START DATA RECORDS
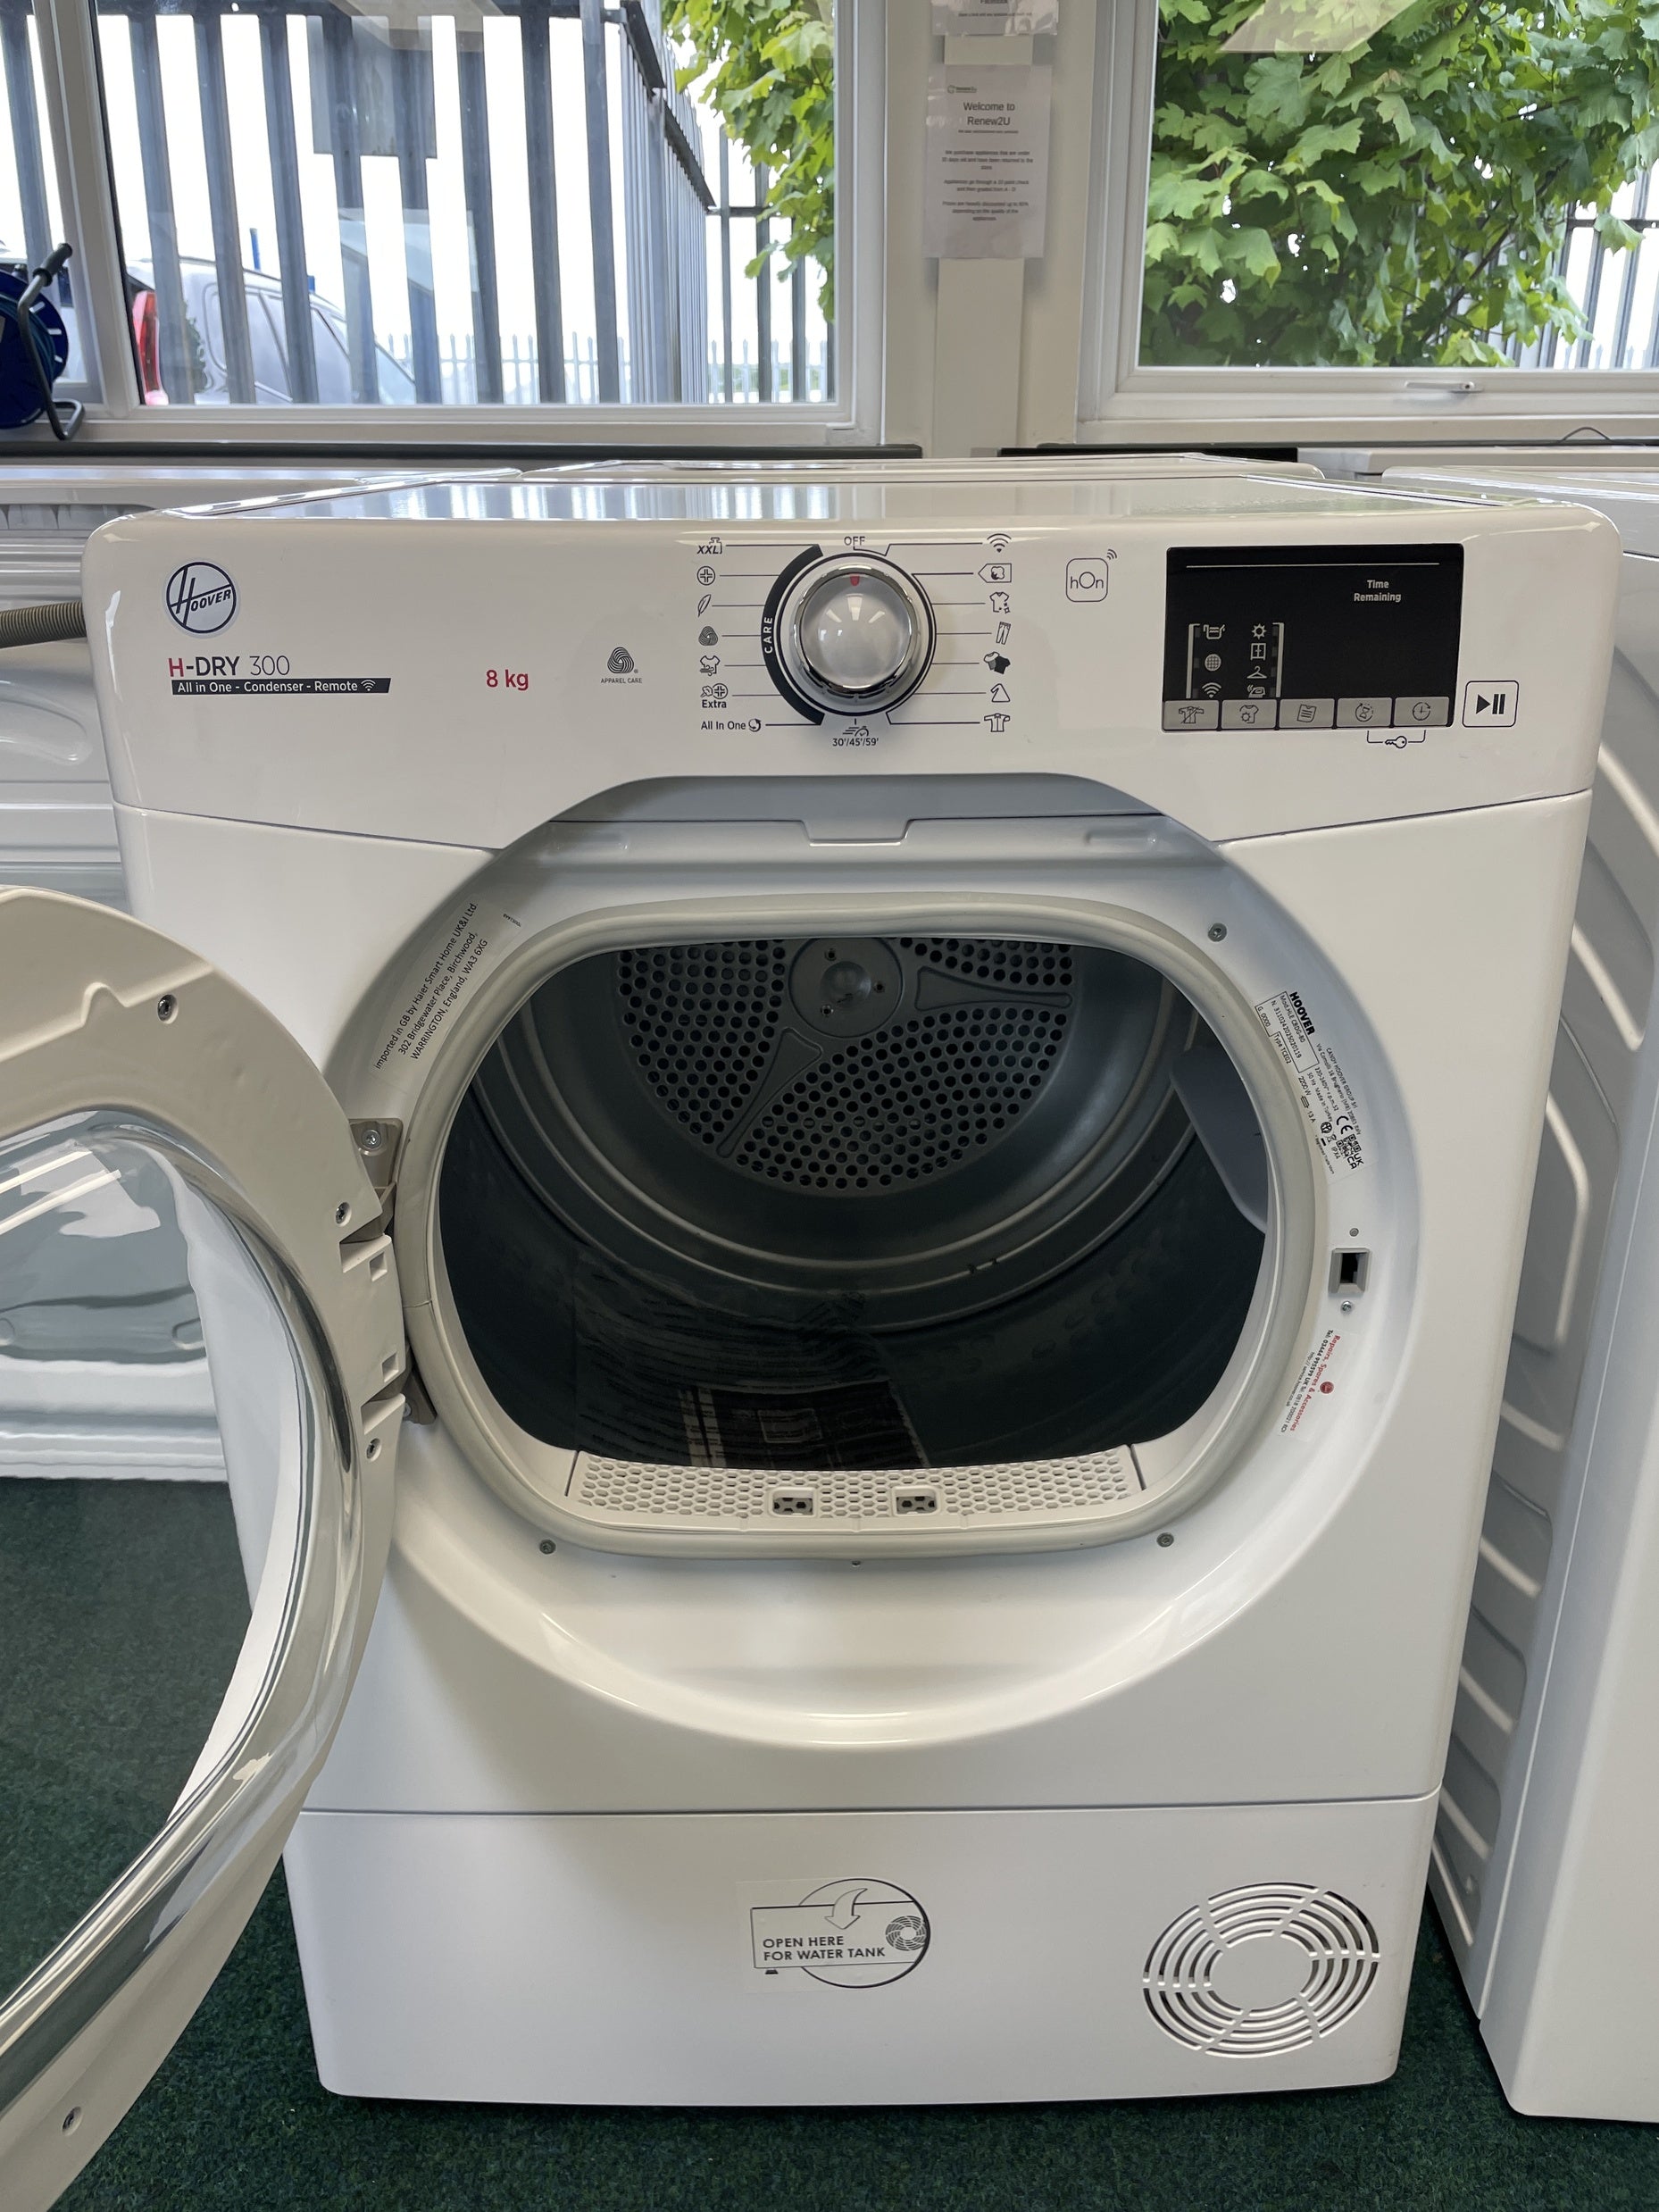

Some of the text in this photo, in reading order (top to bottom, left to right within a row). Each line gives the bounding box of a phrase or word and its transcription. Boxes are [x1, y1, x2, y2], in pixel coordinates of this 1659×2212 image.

[963, 102, 1015, 112] Welcome to
[966, 116, 1011, 127] Renew2U
[844, 536, 866, 547] OFF
[696, 545, 719, 555] XXL
[1070, 572, 1104, 589] hOn
[1366, 580, 1389, 588] Time
[1354, 592, 1402, 603] Remaining
[763, 616, 775, 654] CARE
[168, 655, 290, 677] H-DRY 300
[178, 682, 192, 693] All
[195, 682, 206, 693] in
[209, 682, 232, 693] One
[244, 680, 304, 693] Condenser
[314, 680, 358, 692] Remote
[486, 668, 529, 691] 8 kg
[701, 700, 727, 709] Extra
[701, 720, 746, 730] All In One
[438, 938, 456, 961] Home
[425, 961, 443, 984] Smart
[398, 932, 478, 1055] 302 Bridgewater Place, Birchwood,
[411, 939, 488, 1059] WARRINGTON, England, WA3 6XG
[413, 984, 429, 1005] Haier
[406, 1005, 418, 1015] by
[1289, 991, 1315, 1036] HOOVER
[399, 1014, 411, 1026] GB
[396, 1028, 404, 1036] in
[1274, 1033, 1283, 1048] Type
[1322, 1335, 1341, 1362] Repairs,
[1311, 1364, 1327, 1386] Spares
[1289, 1394, 1312, 1432] Accessories
[763, 1935, 844, 1948] OPEN HERE
[763, 1947, 886, 1961] FOR WATER TANK
END DATA RECORDS
→ **WORK TO BE COMPLETED**
Give the data above again in full and unchanged, skipping the pictures.

→ **ANSWER BOX**
Some of the text in this photo, in reading order (top to bottom, left to right within a row). Each line gives the bounding box of a phrase or word and its transcription. Boxes are [x1, y1, x2, y2], in pixel coordinates of this 1659×2212 image.

[963, 102, 1015, 112] Welcome to
[966, 116, 1011, 127] Renew2U
[844, 536, 866, 547] OFF
[696, 545, 719, 555] XXL
[1070, 572, 1104, 589] hOn
[1366, 580, 1389, 588] Time
[1354, 592, 1402, 603] Remaining
[763, 616, 775, 654] CARE
[168, 655, 290, 677] H-DRY 300
[178, 682, 192, 693] All
[195, 682, 206, 693] in
[209, 682, 232, 693] One
[244, 680, 304, 693] Condenser
[314, 680, 358, 692] Remote
[486, 668, 529, 691] 8 kg
[701, 700, 727, 709] Extra
[701, 720, 746, 730] All In One
[438, 938, 456, 961] Home
[425, 961, 443, 984] Smart
[398, 932, 478, 1055] 302 Bridgewater Place, Birchwood,
[411, 939, 488, 1059] WARRINGTON, England, WA3 6XG
[413, 984, 429, 1005] Haier
[406, 1005, 418, 1015] by
[1289, 991, 1315, 1036] HOOVER
[399, 1014, 411, 1026] GB
[396, 1028, 404, 1036] in
[1274, 1033, 1283, 1048] Type
[1322, 1335, 1341, 1362] Repairs,
[1311, 1364, 1327, 1386] Spares
[1289, 1394, 1312, 1432] Accessories
[763, 1935, 844, 1948] OPEN HERE
[763, 1947, 886, 1961] FOR WATER TANK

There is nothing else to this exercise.